Pero la campaña aquella del Spain is different era mucho más que publicidad para turistas: parece ser una orden, una consigna que brota de las cavernas de la historia y que 25 años después nos ofrece el mundo al revés: el novelista Javier Marías, decidido a redimir la historia, desde las páginas de El País denunciaba pasados, connivencias, artículos y contumacias de personas muertas o vivas sin citar un solo nombre.

Era fácil adivinarlos: López Aranguren, Eduardo Haro Tecglen y Camilo José Cela. Los dos primeros pertenecen a la memoria de la resistencia intelectual durante la etapa franquista, mientras el tercero tiene a gala ser como persona lo que fue: pero es de todos conocido que Cela, el escritor vivo que mejor maneja el castellano, es sujeto poco recomendable hasta para tomar café –nada más acabar la tertulia puede hacer un escrito ofreciéndose para delatar a sus tertulianos por sus ideas de izquierda, como ya se ofreció en un periodo en que delaciones de ese tipo podían llevar aparejados fusilamientos–.

También es conocida la animadversión, de largos años, entre ambos novelistas: Cela ninguneó a la generación de narradores jóvenes que surgió poco más o menos al paso de la democracia, y los jóvenes le han devuelto con creces el desprecio.

Pero dejando a un lado el caso de Cela, el artículo de Marías se inscribe en una operación de derribo de varias figuras de la izquierda intelectual que iniciaron hace tiempo varios periodistas de la derecha más dura de los pasados o los actuales años: el antiguo director de Arriba, y presidente de un sindicato vertical, Jaime Campmany, Pablo Sebastián, Jiménez Losantos, &c., que a López Aranguren le descubrieron, basándose en sus propias palabras, haber informado de «deslealtades» o «desafecciones» en aquellos primeros años del régimen... a cambio de «un enjundioso cargo en Tabacalera», &c.

A Eduardo Haro Tecglen la derechorra de los Campmany, Sebastián y Jiménez Losantos le han exhumado un articulo de loa al fundador de la Falange, cuando Haro, muchacho de 16 años al acabar la guerra civil, trabajaba en la redacción de Informaciones, donde tuvo cabida gracias a la red de amistades personales que, en esos años, ayudó a muchos vencidos o familiares a supervivir.
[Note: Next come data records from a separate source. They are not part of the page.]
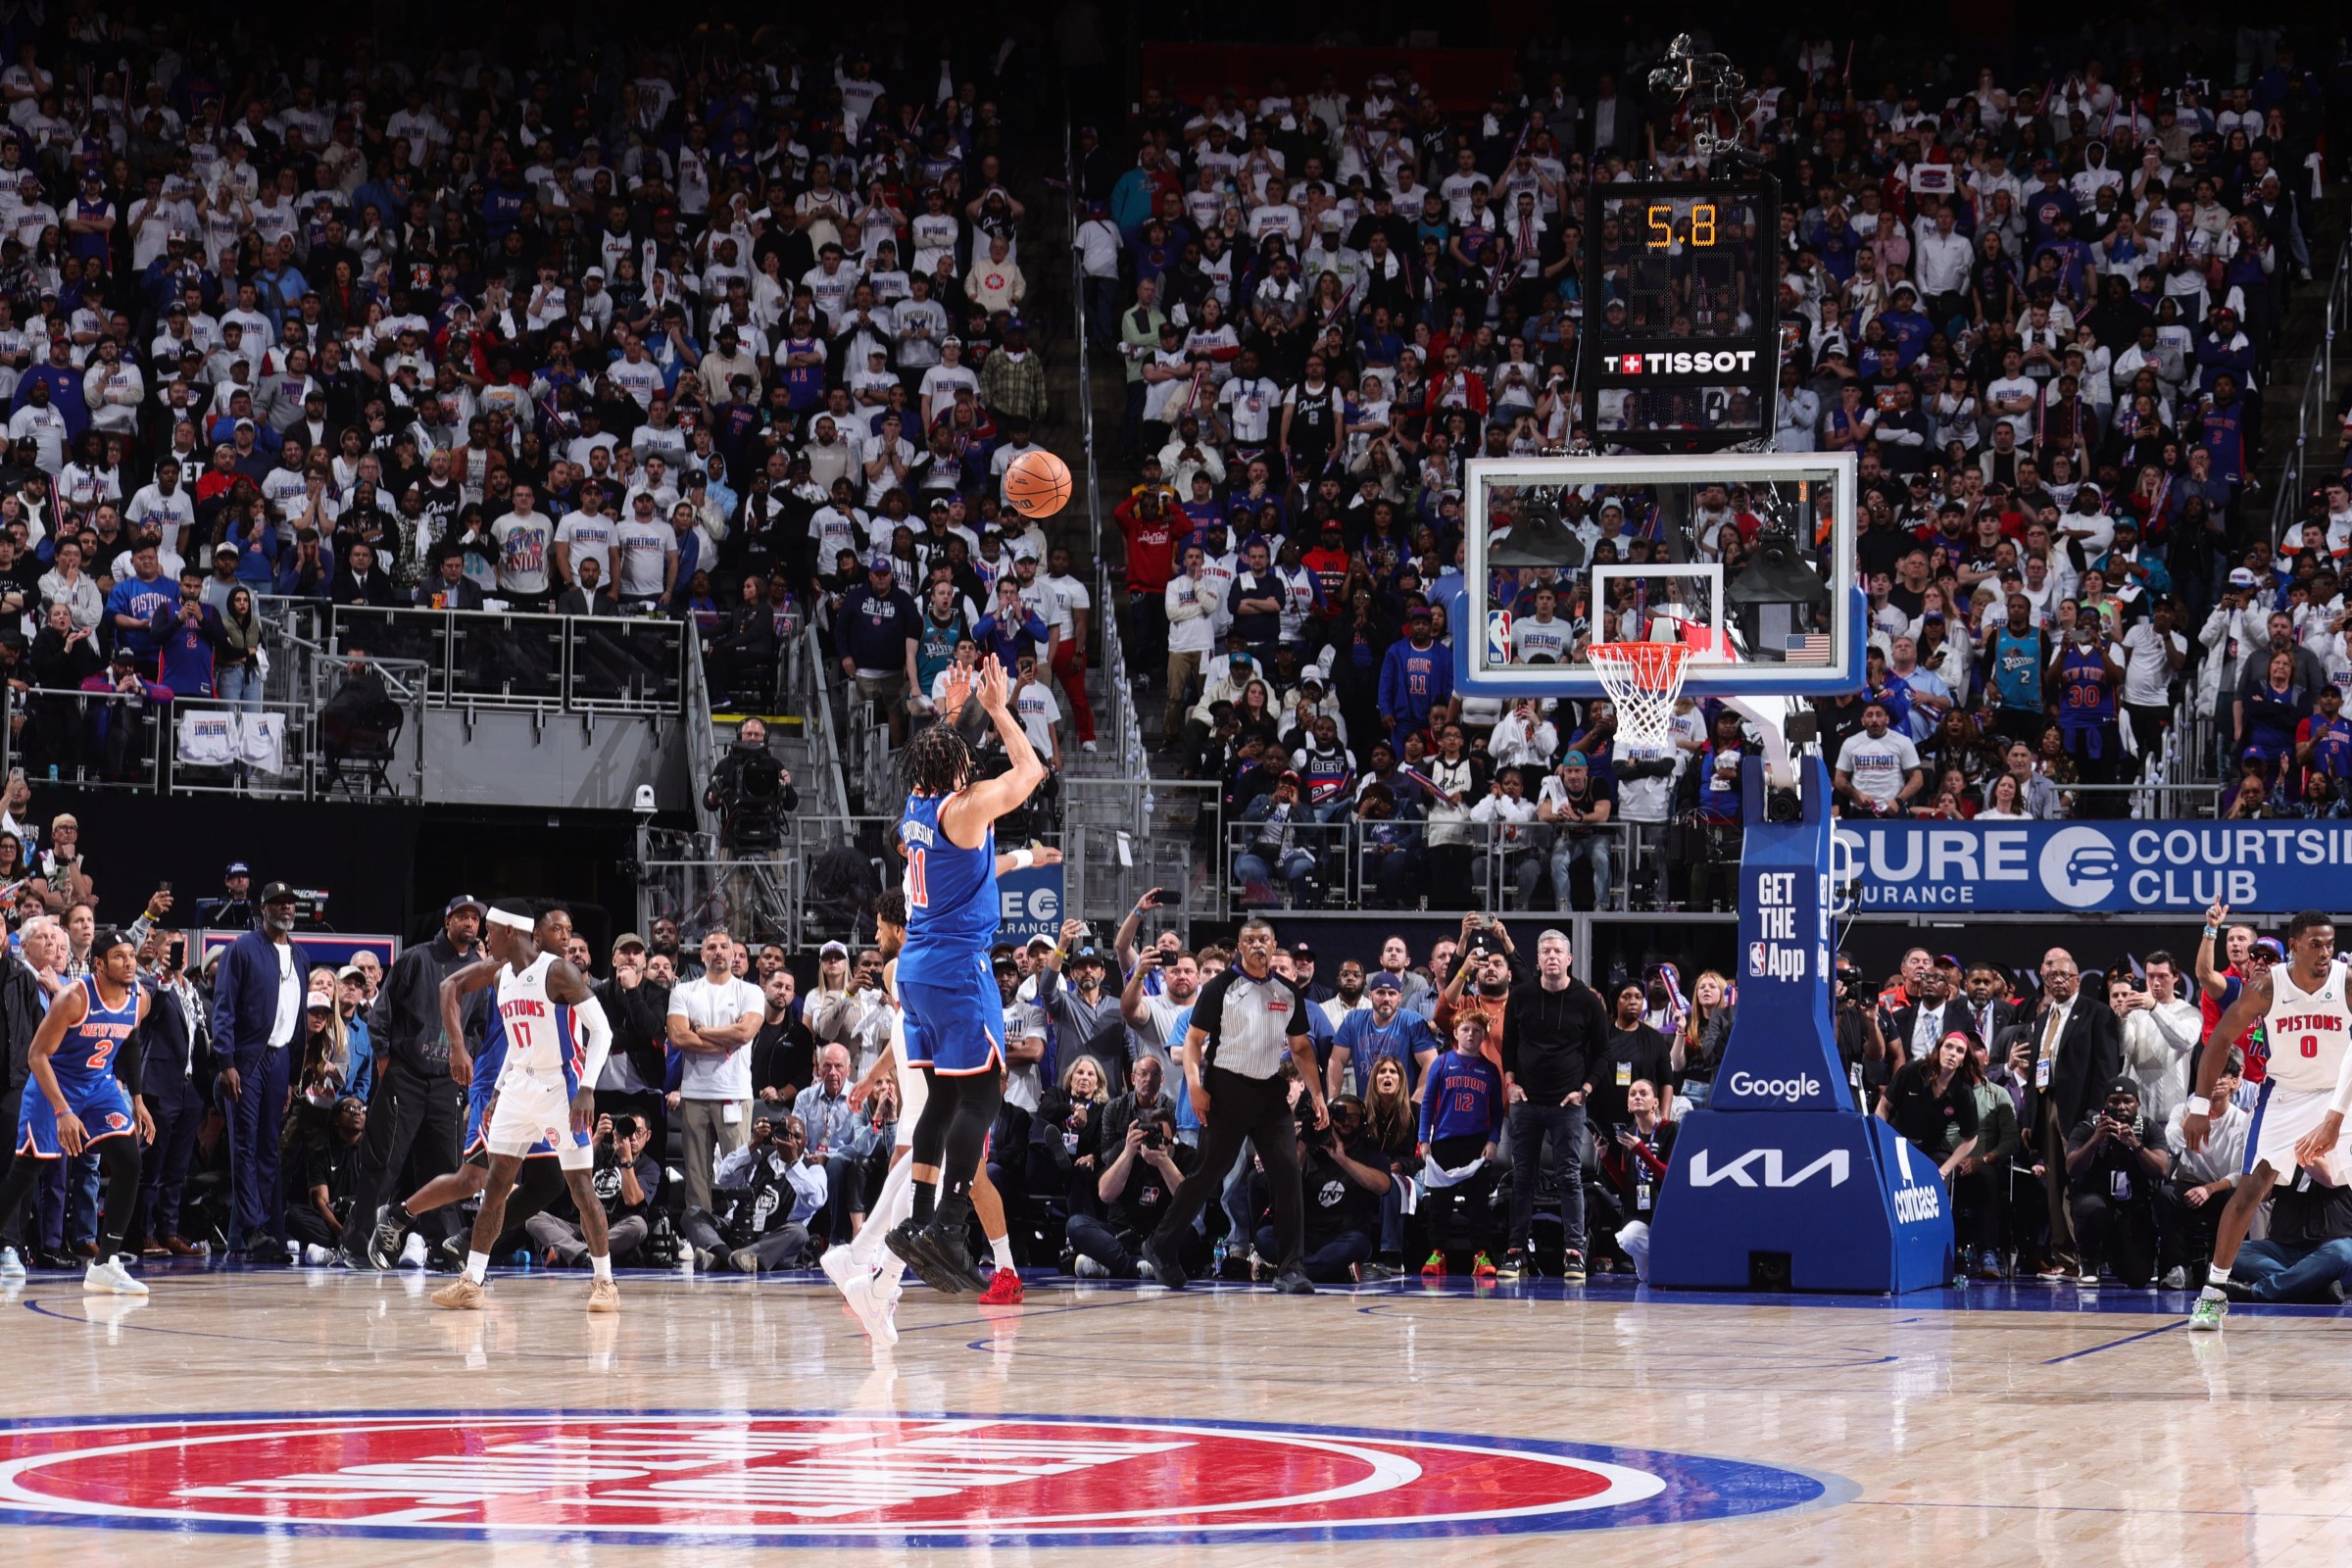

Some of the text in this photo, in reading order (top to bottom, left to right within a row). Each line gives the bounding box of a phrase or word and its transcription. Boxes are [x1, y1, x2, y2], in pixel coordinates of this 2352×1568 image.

[1648, 204, 1716, 247] 5.8
[904, 310, 935, 324] MICHIGAN
[1645, 351, 1756, 373] TISSOT
[1298, 399, 1327, 416] Detroit
[1308, 411, 1318, 425] 2
[2212, 431, 2223, 446] 2
[426, 501, 456, 516] Detroit
[576, 529, 608, 540] DEEETROIT
[626, 537, 660, 549] DEEETROIT
[1194, 530, 1202, 544] 2
[186, 632, 198, 649] 2
[1525, 634, 1561, 648] DEEETROIT
[924, 642, 954, 657] PISTO
[1490, 652, 1502, 662] NBA
[1410, 675, 1426, 695] 11
[2021, 670, 2031, 684] 2
[2068, 684, 2100, 708] 30
[2330, 742, 2340, 754] 3
[1311, 760, 1342, 773] DET
[1854, 754, 1893, 766] DEEETROIT
[902, 823, 939, 850] BRUNSON
[907, 846, 929, 908] 11
[1759, 872, 1796, 906] GET
[2128, 870, 2258, 905] CLUB
[1758, 907, 1796, 940] THE
[1767, 942, 1805, 983] App
[499, 999, 547, 1022] PISTONS
[79, 1023, 111, 1038] NEW
[2276, 1015, 2342, 1035] PISTONS
[513, 1021, 532, 1050] 17
[2300, 1035, 2318, 1058] 0
[85, 1040, 115, 1072] 2
[1446, 1078, 1488, 1096] DETROIT
[1730, 1070, 1821, 1102] Google
[1454, 1095, 1474, 1112] 12
[1893, 1179, 1940, 1225] coinbase
El propio Haro viene contando esa etapa en sus obras de memoria o recuerdos, El niño republicano, Hijo del siglo y el reciente El refugio, libro este último precedido por un capítulo irónico (El niño fascista) que recoge los artículos en que Campmany y Losantos, por ejemplo, «denunciaban» a Eduardo Haro: a página seguida viene el relato de esa etapa por Haro. Gentes que como Campmany fueron cómplices del sistema franquista en su mayor dureza acusan a Haro de haber sido, por un momento, como ellos, de haberse vestido la camisa azul: se la endosó en dos ocasiones: una de ellas, para asistir como espectador al juicio de guerra en el que su padre fue condenado a muerte.
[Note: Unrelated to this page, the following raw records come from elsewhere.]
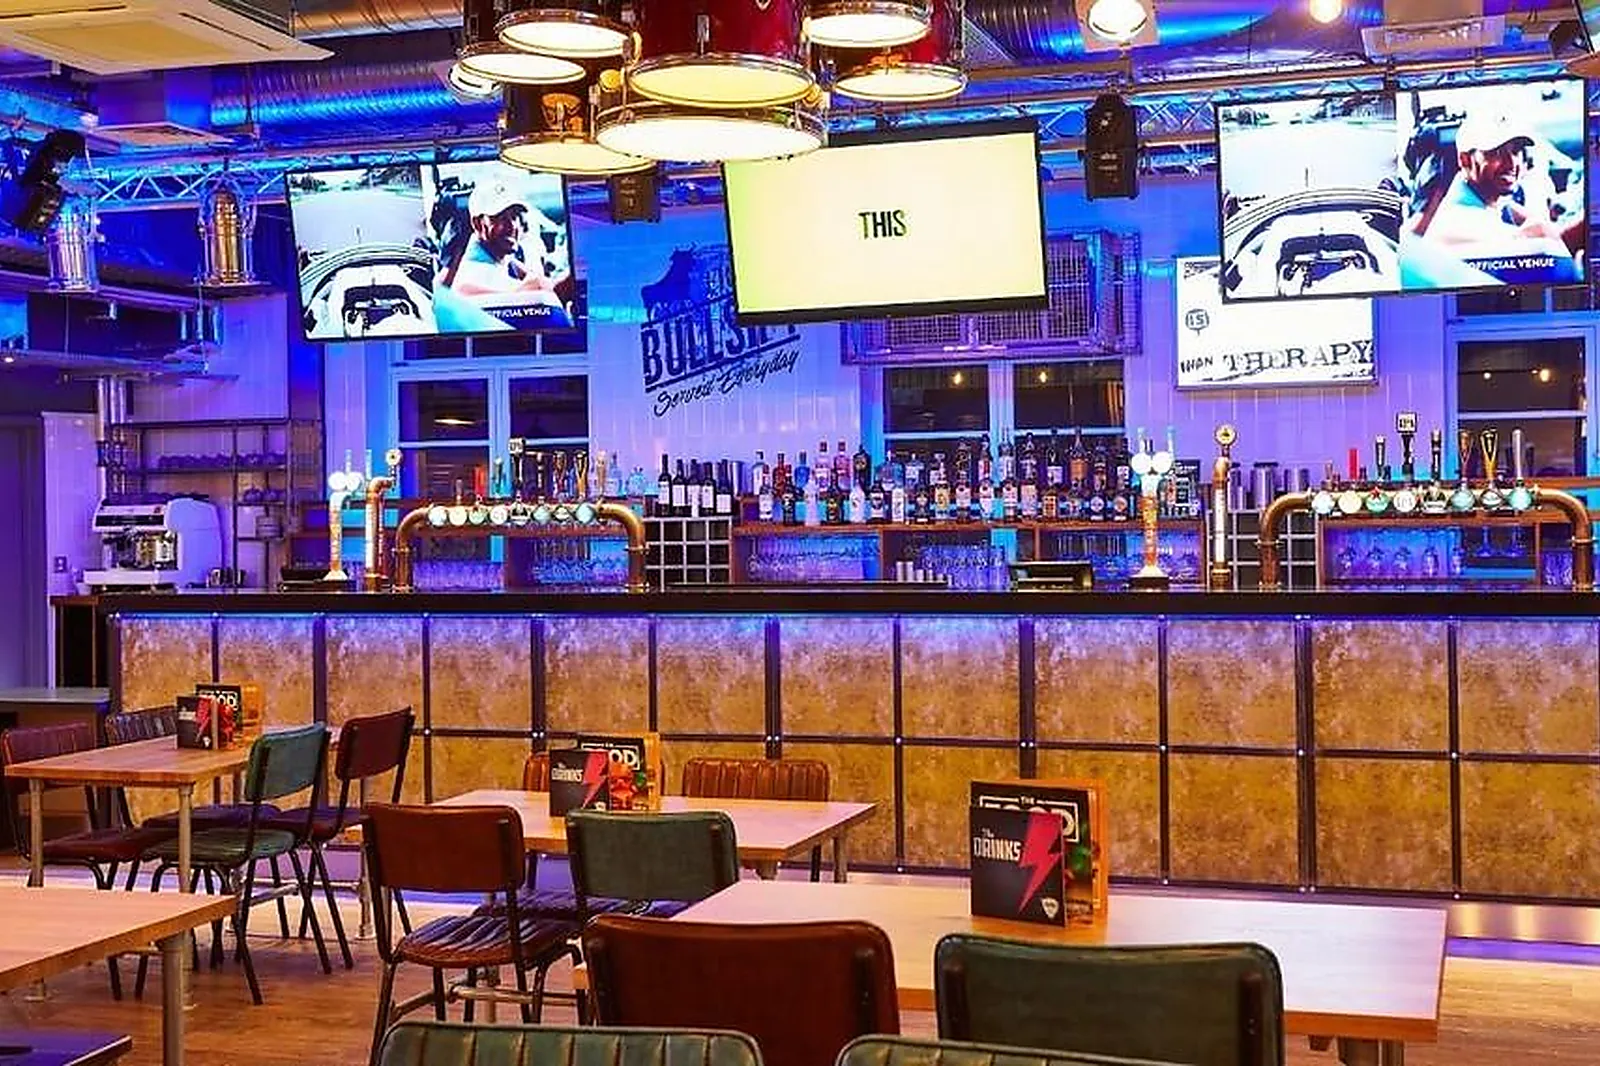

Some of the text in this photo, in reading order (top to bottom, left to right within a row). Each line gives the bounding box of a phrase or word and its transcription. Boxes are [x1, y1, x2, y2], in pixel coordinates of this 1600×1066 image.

[858, 209, 907, 240] THIS
[1518, 258, 1555, 268] VENUE
[489, 309, 523, 318] FFICIAL
[1189, 314, 1205, 326] IS
[641, 305, 797, 387] BULLS
[1222, 340, 1375, 372] THERAPY
[653, 349, 800, 418] Served Everyday
[609, 749, 637, 766] OD
[1020, 796, 1035, 805] THE
[973, 837, 1022, 861] DRINKS
Tal vez Marías aspire a la pureza inmarcesible que se consume en la hoguera y, con el tuétano invadido de falangismo, hubiera deseado que el joven Haro acudiese a ese juicio con el uniforme libertario o gritase en medio de la sala: «Abajo la dictadura.» No fue esa la decisión de Haro Tecglen, sino otra por la que ahora los viejos falangistas y el joven novelista pretenden ejecutarle en la picota de la opinión pública: el «prestigioso columnista» hace tiempo que viene repitiendo que eligió la consigna contraria a la que propalaba Dolores lbárruri: frente al «antes morir que vivir de rodillas» de la Pasionaria, Haro Tecglen escoge el «vivir de rodillas para poder levantarse».
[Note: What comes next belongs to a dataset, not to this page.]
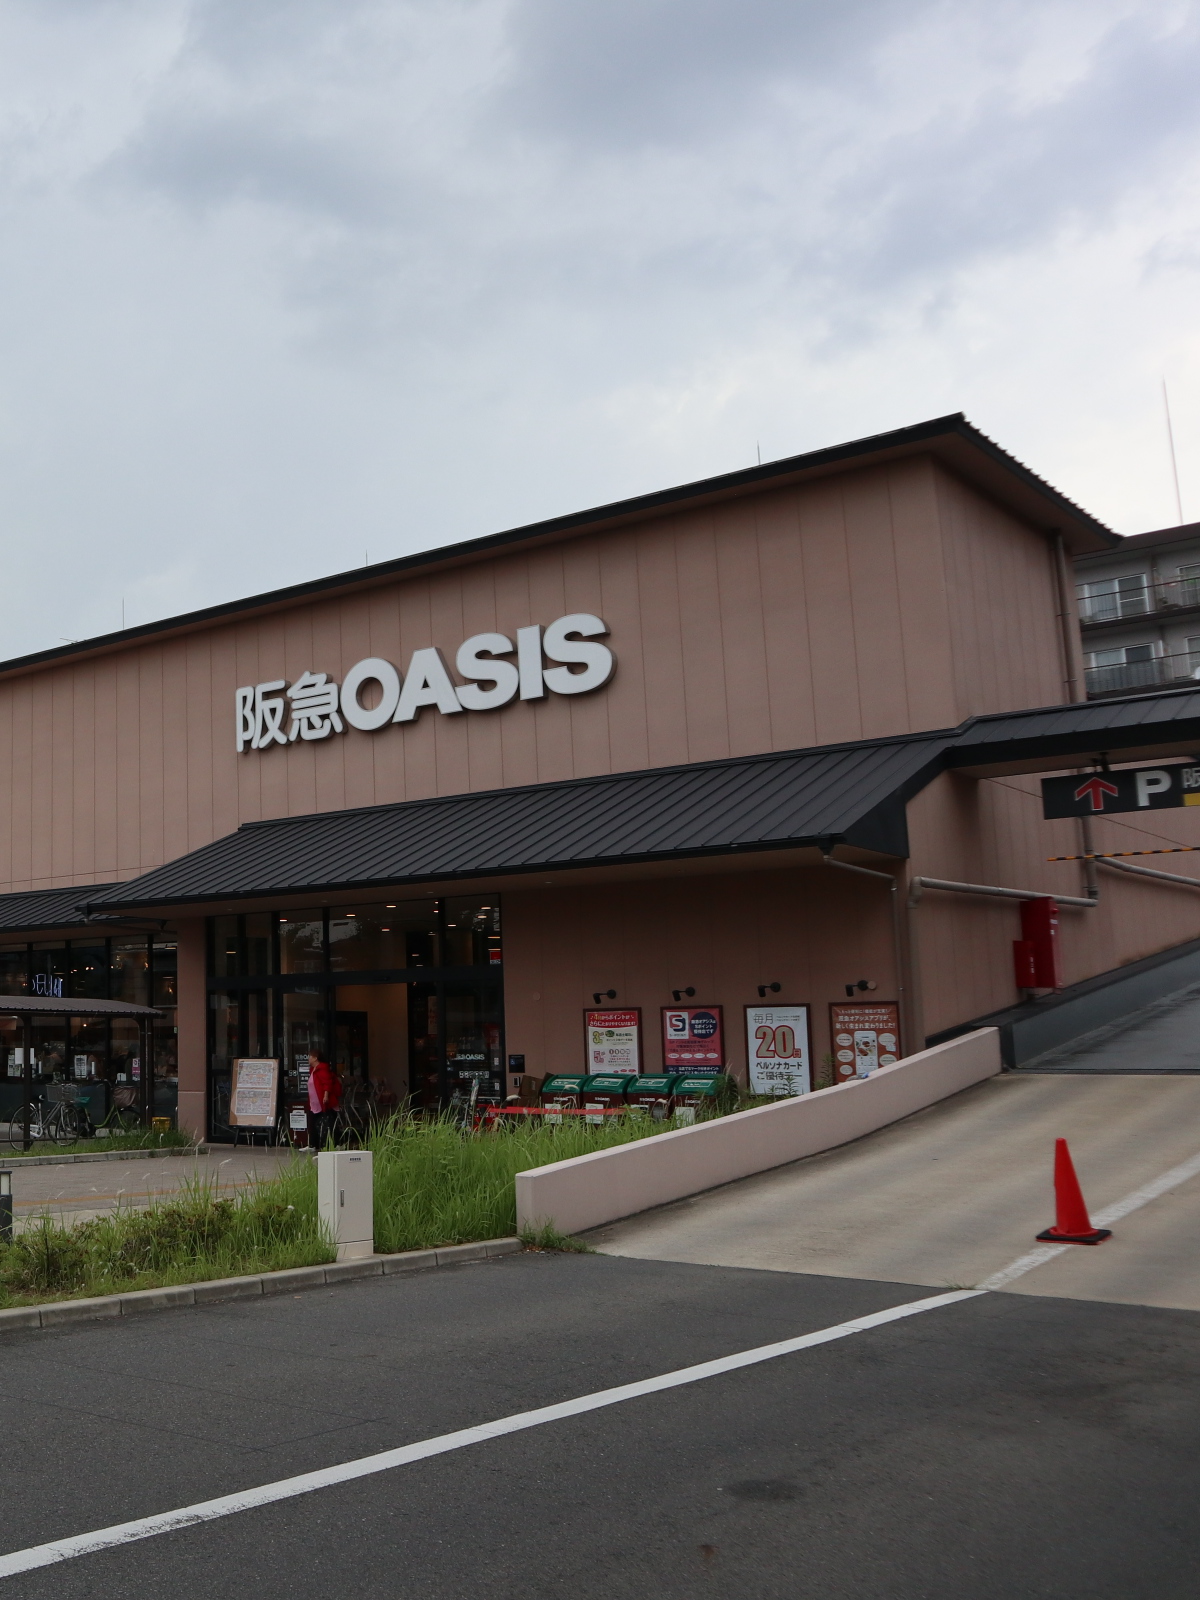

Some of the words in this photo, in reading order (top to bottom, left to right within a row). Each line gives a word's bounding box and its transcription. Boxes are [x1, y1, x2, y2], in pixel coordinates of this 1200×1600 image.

[236, 613, 617, 754] 阪急OASIS
[1135, 769, 1172, 807] P
[753, 1013, 774, 1024] 毎月
Al artículo de Marías han replicado los vivos y los muertos: Aranguren a través de sus hijos y del filósofo Javier Muguerza, Haro Tecglen desde su columna, si no desde sus libros, dando explicaciones que Marías no admite, empeñado en buscar frases eliminadas después en algunos libros, actos y gestos con la pretensión de negar a Aranguren y Haro Tecglen su resistencia a la dictadura y su papel de «hombres de izquierda»: la pesquisa en los libros de Aranguren le ha llevado a verificar que en las reediciones de algunos de sus libros expurgó algunas líneas de elogio a los vencedores. Pero estas denuncias agresivas, duras, buscan algo más que enterrar a Aranguren y a Haro Tecglen en el Valle de los Caídos, al lado del dictador, por cuatro frases, una declaración del propio filósofo («Después de la guerra desempeñé por poco tiempo un trabajo que consistía en informar sobre los colaboradores de la República en San Sebastián»), una camisa azul y cuatro artículos.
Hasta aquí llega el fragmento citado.